INSTRUCTIONS TO FOLLOW
Copy every entry below exactly as it appears, leaving out the images.

SUPPLIED DATA
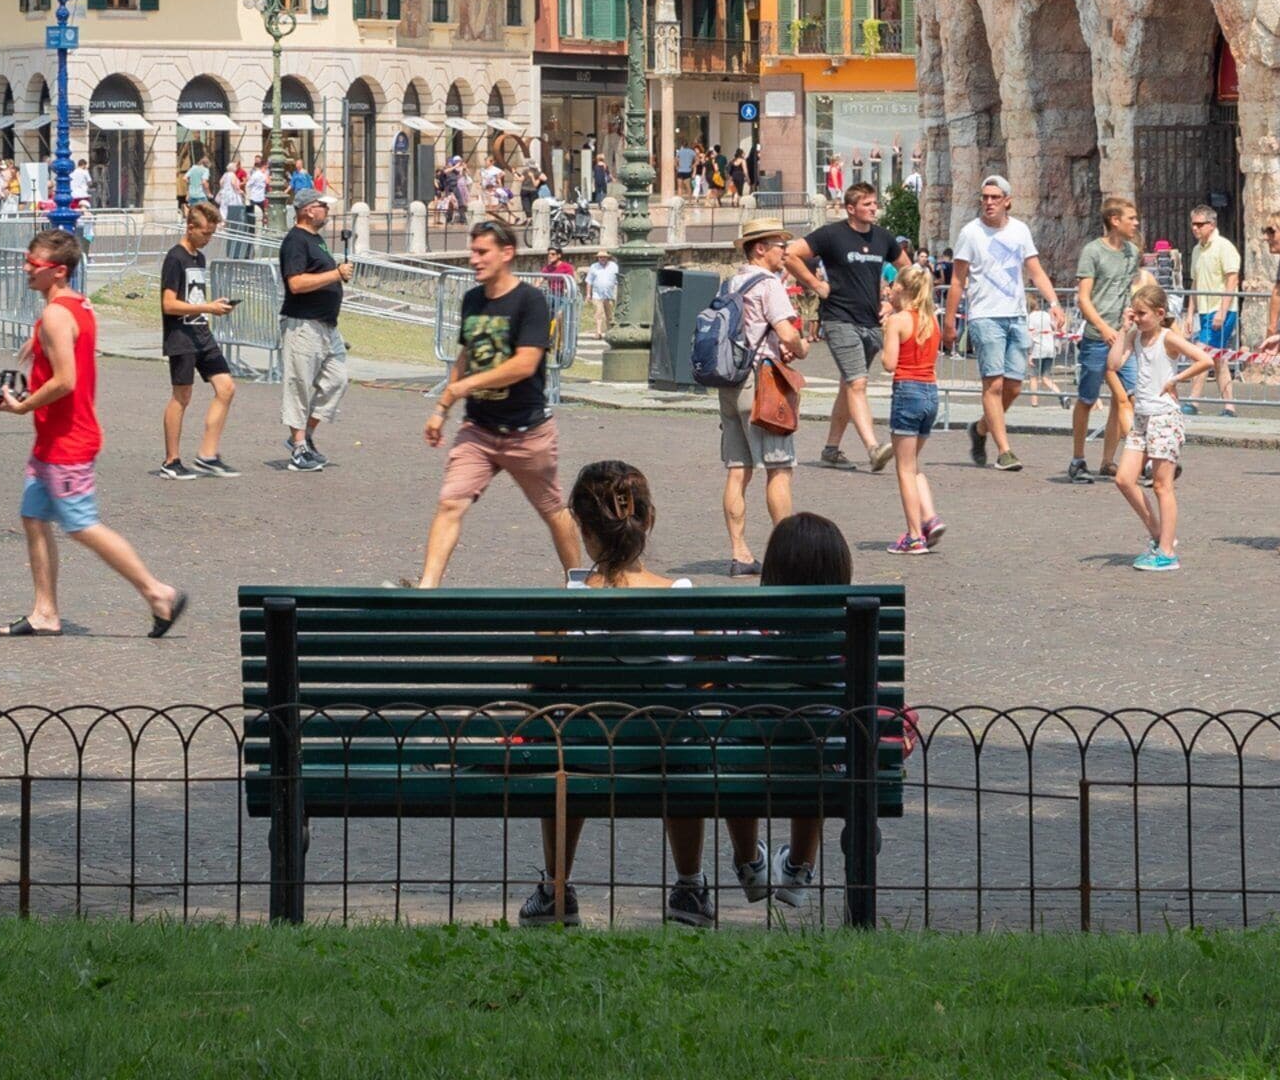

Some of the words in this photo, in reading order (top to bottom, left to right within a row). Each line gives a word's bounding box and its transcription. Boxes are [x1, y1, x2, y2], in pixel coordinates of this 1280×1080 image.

[89, 100, 106, 109] OUIS
[107, 100, 137, 109] VUITTON
[178, 101, 193, 110] OUIS
[194, 101, 224, 110] VUITTON
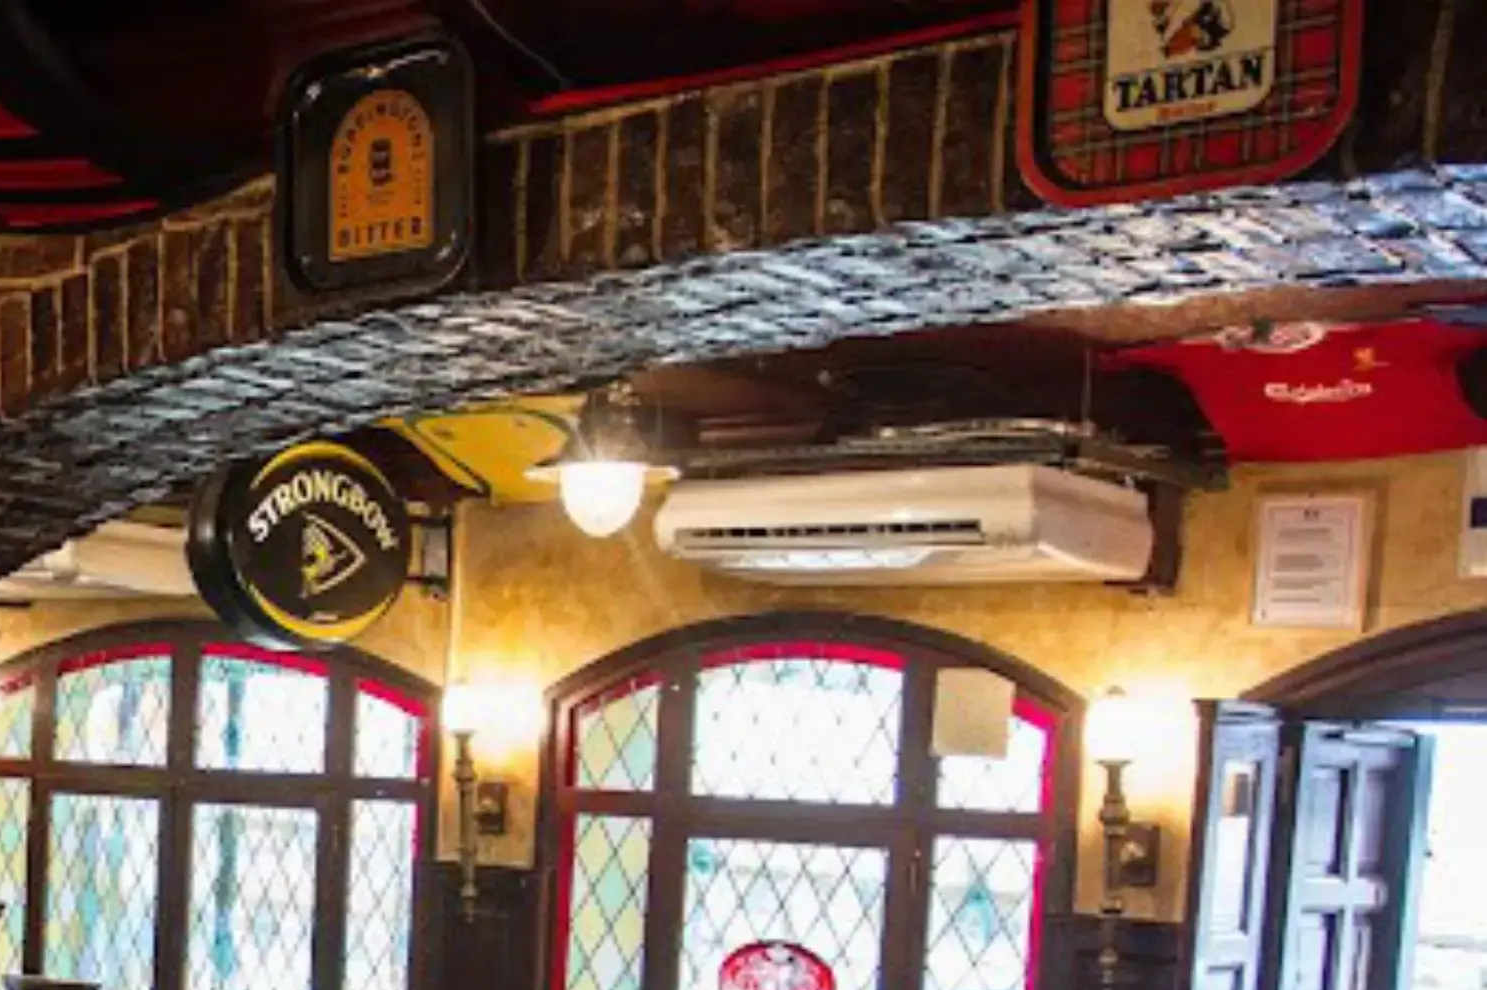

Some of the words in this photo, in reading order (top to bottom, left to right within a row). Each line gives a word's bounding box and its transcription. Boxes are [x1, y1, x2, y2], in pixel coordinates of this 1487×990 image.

[1115, 54, 1263, 112] TARTAN
[337, 216, 422, 248] BITTER
[247, 468, 399, 551] STRONGBOW
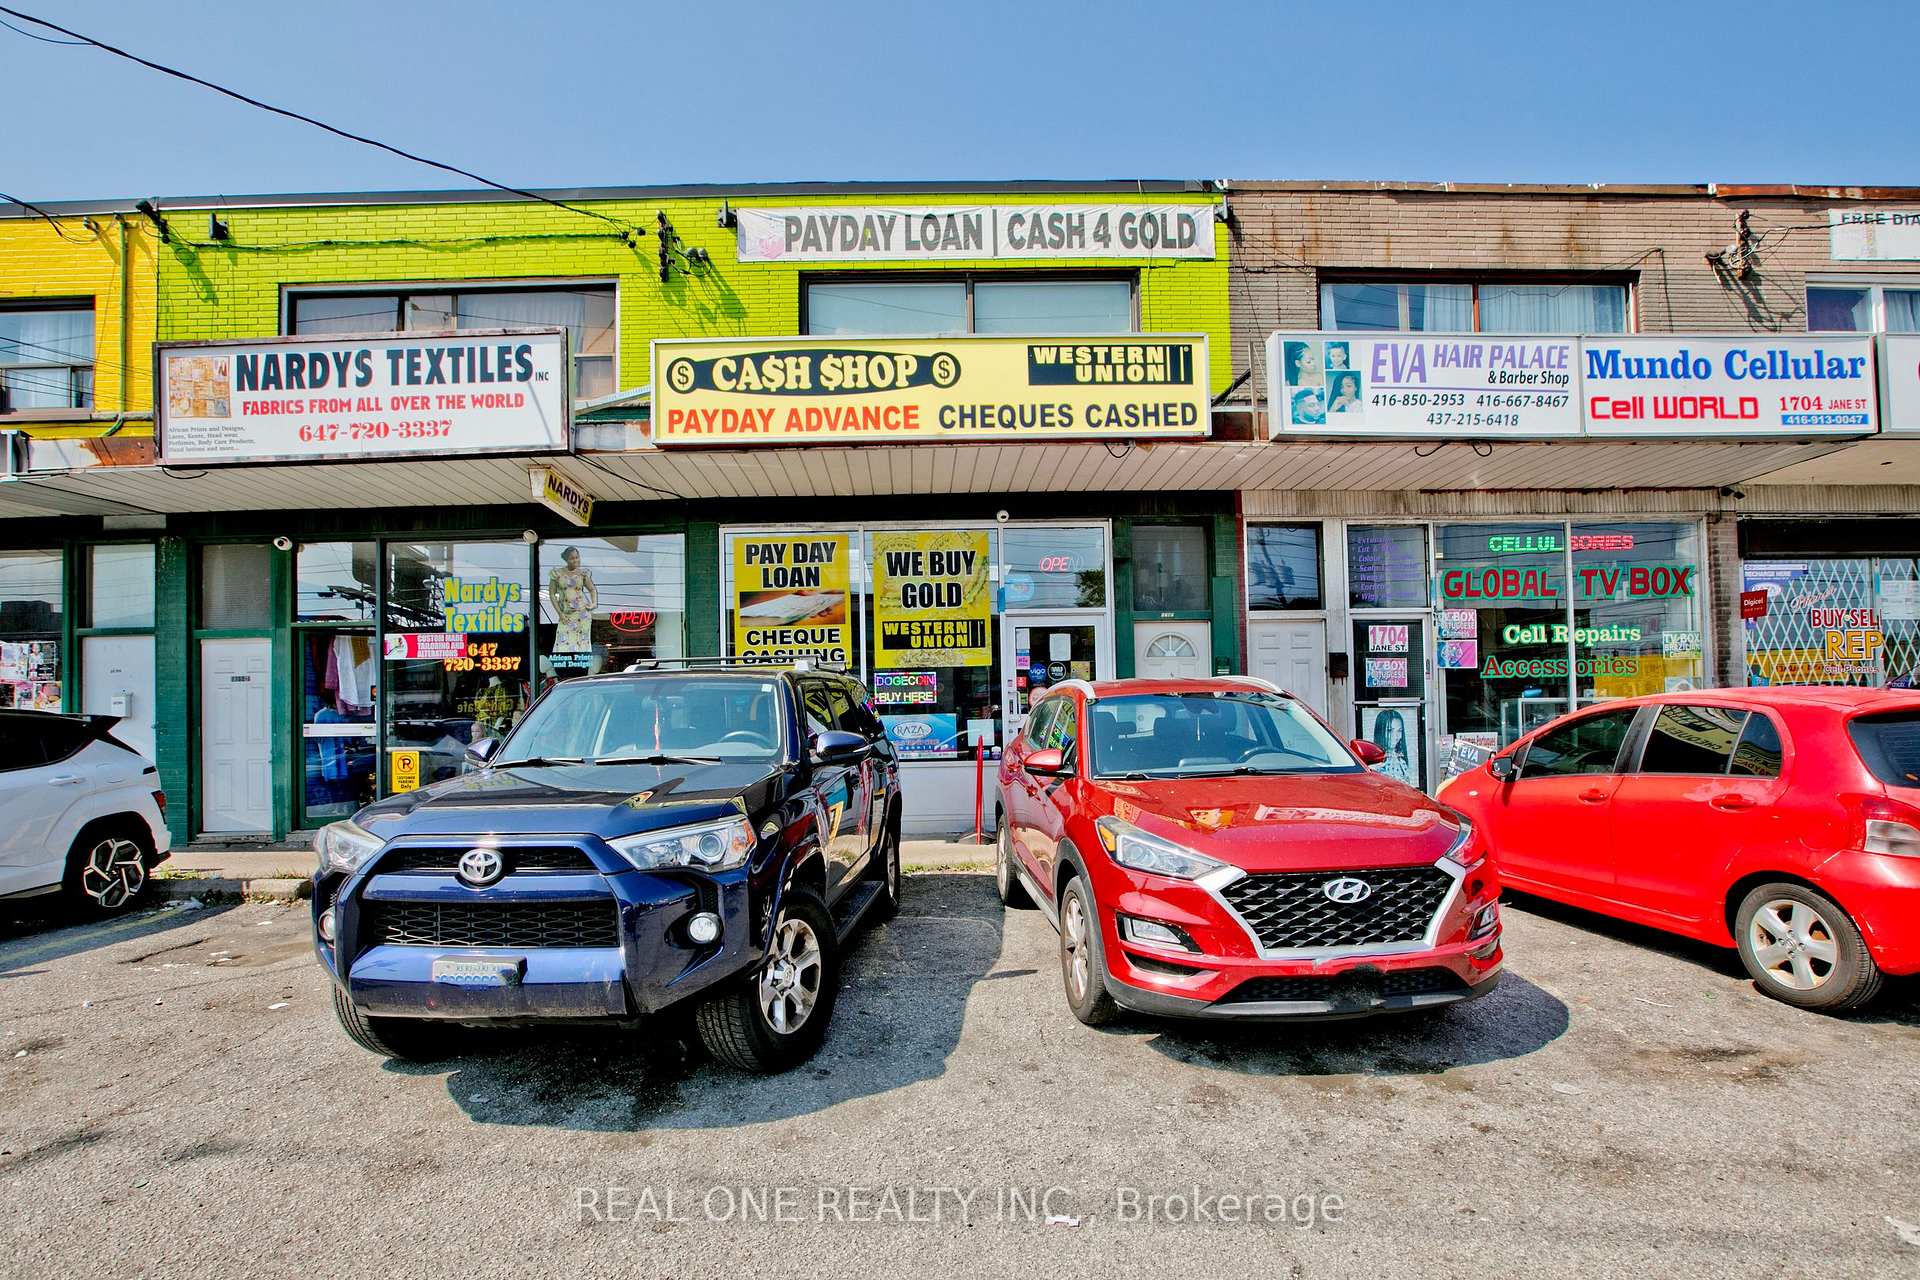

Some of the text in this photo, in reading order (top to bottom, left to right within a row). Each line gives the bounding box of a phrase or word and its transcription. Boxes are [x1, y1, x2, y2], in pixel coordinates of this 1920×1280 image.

[1841, 212, 1886, 225] FREE
[785, 212, 1197, 251] PAYDAY LOAN CASH 4 GOLD
[1033, 347, 1164, 364] WESTERN
[1371, 344, 1569, 383] EVA HAIR PALACE
[236, 344, 549, 391] NARDYS TEXTILES INC
[1075, 365, 1164, 382] UNION
[1586, 350, 1866, 380] Mundo Cellular
[1488, 371, 1569, 387] & Barber Shop
[243, 393, 525, 416] FABRICS FROM ALL OVER THE WORLD
[1372, 394, 1569, 407] 416-850-2953 416-667-8467
[1590, 396, 1867, 419] Cell WORLD 1704 JANE ST
[668, 403, 1198, 433] PAYDAY ADVANCE CHEQUES CASHED
[1426, 413, 1519, 426] 437-215-6418
[1786, 415, 1865, 425] 416-913-0047
[298, 419, 453, 442] 647-720-3337
[547, 474, 590, 514] NARDYS
[745, 541, 837, 565] PAY DAY
[886, 550, 976, 577] WE BUY
[762, 566, 821, 588] LOAN
[1443, 566, 1692, 598] GLOBAL TV BOX
[443, 576, 521, 608] Nardys
[902, 582, 962, 609] GOLD
[1743, 597, 1764, 607] Digicel
[444, 605, 525, 634] Textiles
[613, 610, 651, 625] OPEN
[1811, 608, 1882, 628] BUY SEL
[746, 628, 841, 645] CHEQUE
[884, 621, 968, 635] WESTERN
[1370, 627, 1407, 645] 1704
[1503, 624, 1642, 647] Cell Repairs
[467, 642, 498, 657] 647
[911, 635, 968, 648] UNION
[1371, 644, 1408, 652] JANE ST.
[443, 657, 522, 672] 720-3337
[1482, 656, 1640, 677] Accessories
[1845, 664, 1880, 674] Phones
[876, 676, 935, 686] DOGECOIN
[879, 691, 934, 702] BUY HERE
[896, 725, 925, 737] RAZA
[1460, 746, 1479, 762] EVA

TASK SOLUTION
Some of the words in this photo, in reading order (top to bottom, left to right within a row). Each line gives a word's bounding box and its transcription. Boxes are [x1, y1, x2, y2], in pixel coordinates of this 1280×1080 image.

[89, 100, 106, 109] OUIS
[107, 100, 137, 109] VUITTON
[178, 101, 193, 110] OUIS
[194, 101, 224, 110] VUITTON

Some of the words in this photo, in reading order (top to bottom, left to right within a row). Each line gives a word's bounding box and its transcription. Boxes are [x1, y1, x2, y2], in pixel coordinates of this 1487×990 image.

[1115, 54, 1263, 112] TARTAN
[337, 216, 422, 248] BITTER
[247, 468, 399, 551] STRONGBOW

Some of the text in this photo, in reading order (top to bottom, left to right within a row). Each line gives the bounding box of a phrase or word and its transcription. Boxes are [x1, y1, x2, y2], in pixel coordinates of this 1920×1280 image.

[1841, 212, 1886, 225] FREE
[785, 212, 1197, 251] PAYDAY LOAN CASH 4 GOLD
[1033, 347, 1164, 364] WESTERN
[1371, 344, 1569, 383] EVA HAIR PALACE
[236, 344, 549, 391] NARDYS TEXTILES INC
[1075, 365, 1164, 382] UNION
[1586, 350, 1866, 380] Mundo Cellular
[1488, 371, 1569, 387] & Barber Shop
[243, 393, 525, 416] FABRICS FROM ALL OVER THE WORLD
[1372, 394, 1569, 407] 416-850-2953 416-667-8467
[1590, 396, 1867, 419] Cell WORLD 1704 JANE ST
[668, 403, 1198, 433] PAYDAY ADVANCE CHEQUES CASHED
[1426, 413, 1519, 426] 437-215-6418
[1786, 415, 1865, 425] 416-913-0047
[298, 419, 453, 442] 647-720-3337
[547, 474, 590, 514] NARDYS
[745, 541, 837, 565] PAY DAY
[886, 550, 976, 577] WE BUY
[762, 566, 821, 588] LOAN
[1443, 566, 1692, 598] GLOBAL TV BOX
[443, 576, 521, 608] Nardys
[902, 582, 962, 609] GOLD
[1743, 597, 1764, 607] Digicel
[444, 605, 525, 634] Textiles
[613, 610, 651, 625] OPEN
[1811, 608, 1882, 628] BUY SEL
[746, 628, 841, 645] CHEQUE
[884, 621, 968, 635] WESTERN
[1370, 627, 1407, 645] 1704
[1503, 624, 1642, 647] Cell Repairs
[467, 642, 498, 657] 647
[911, 635, 968, 648] UNION
[1371, 644, 1408, 652] JANE ST.
[443, 657, 522, 672] 720-3337
[1482, 656, 1640, 677] Accessories
[1845, 664, 1880, 674] Phones
[876, 676, 935, 686] DOGECOIN
[879, 691, 934, 702] BUY HERE
[896, 725, 925, 737] RAZA
[1460, 746, 1479, 762] EVA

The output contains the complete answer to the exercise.